PROBLEM TO WORK ON ->
Return each entry below word for word, leaving out any image.

ENTRIES SHOWN ->
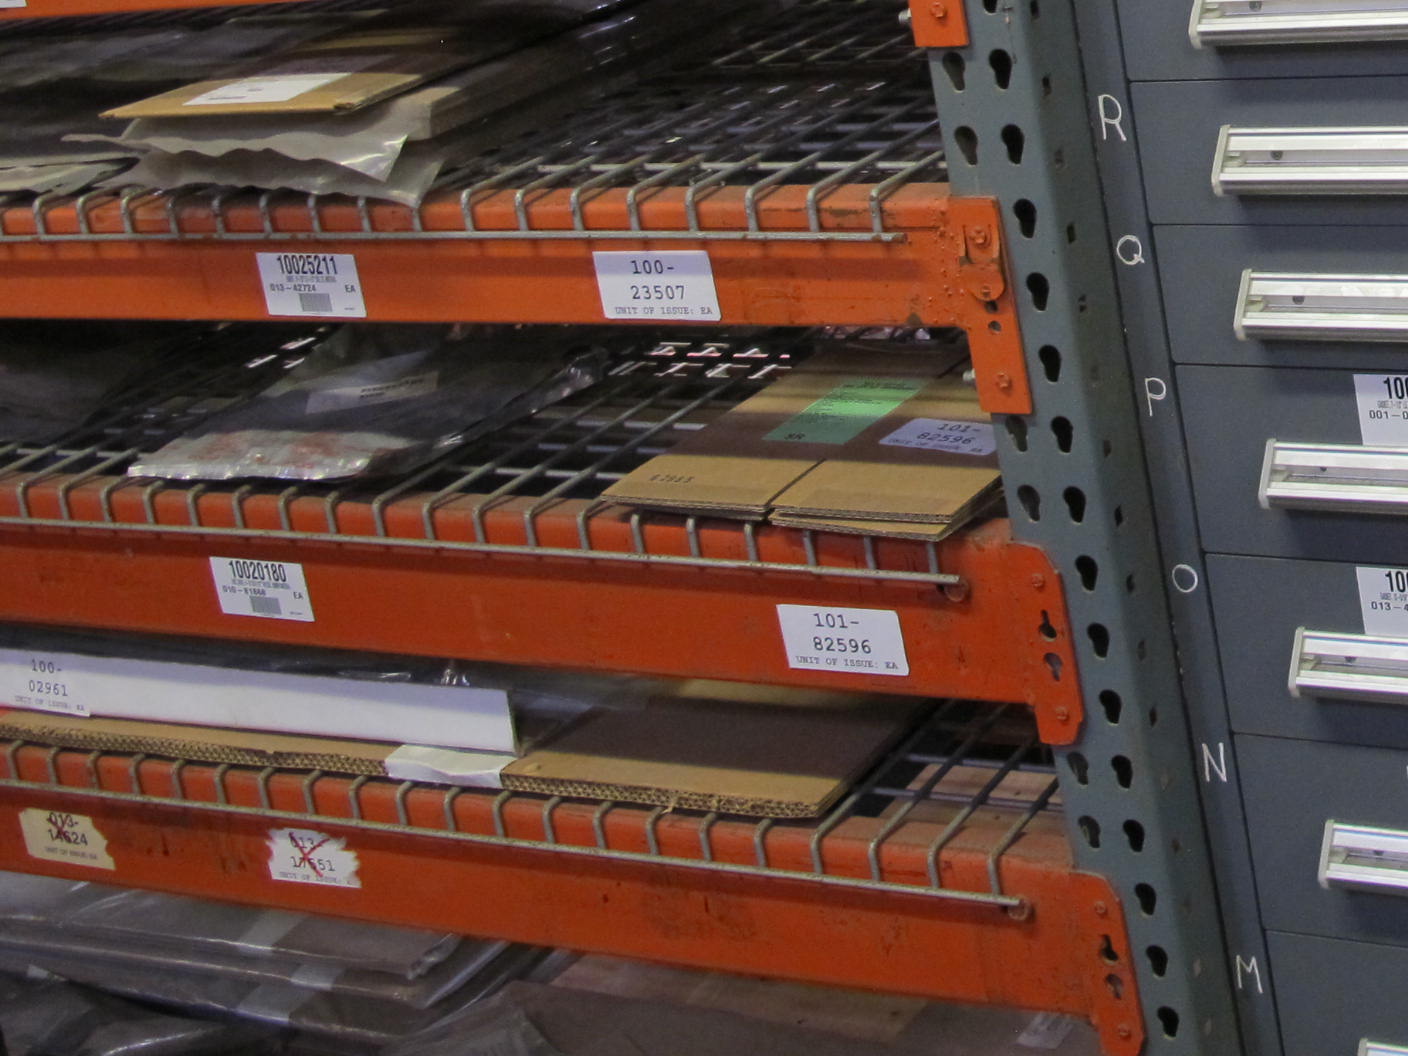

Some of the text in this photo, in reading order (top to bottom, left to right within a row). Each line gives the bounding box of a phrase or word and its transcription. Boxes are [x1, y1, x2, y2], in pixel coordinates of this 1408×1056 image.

[1098, 94, 1127, 142] R
[1117, 234, 1145, 266] Q
[277, 254, 338, 275] 10025211
[631, 259, 675, 275] 100-
[345, 285, 355, 293] EA
[630, 285, 685, 300] 23507
[614, 306, 713, 315] UNIT OF ISSUE: EA
[1144, 377, 1167, 417] P
[229, 560, 287, 583] 10020180
[293, 591, 304, 600] EA
[813, 612, 860, 629] 101-
[813, 636, 872, 654] 82596
[31, 658, 62, 673] 100-
[796, 655, 899, 670] UNIT OF ISSUE: EA
[28, 679, 68, 697] 02961
[1201, 742, 1228, 783] N
[1235, 956, 1263, 994] M

EXERCISE SOLUTION ->
Some of the text in this photo, in reading order (top to bottom, left to right within a row). Each line gives the bounding box of a phrase or word and its transcription. Boxes are [x1, y1, x2, y2], in pixel coordinates of this 1408×1056 image.

[1098, 94, 1127, 142] R
[1117, 234, 1145, 266] Q
[277, 254, 338, 275] 10025211
[631, 259, 675, 275] 100-
[345, 285, 355, 293] EA
[630, 285, 685, 300] 23507
[614, 306, 713, 315] UNIT OF ISSUE: EA
[1144, 377, 1167, 417] P
[229, 560, 287, 583] 10020180
[293, 591, 304, 600] EA
[813, 612, 860, 629] 101-
[813, 636, 872, 654] 82596
[31, 658, 62, 673] 100-
[796, 655, 899, 670] UNIT OF ISSUE: EA
[28, 679, 68, 697] 02961
[1201, 742, 1228, 783] N
[1235, 956, 1263, 994] M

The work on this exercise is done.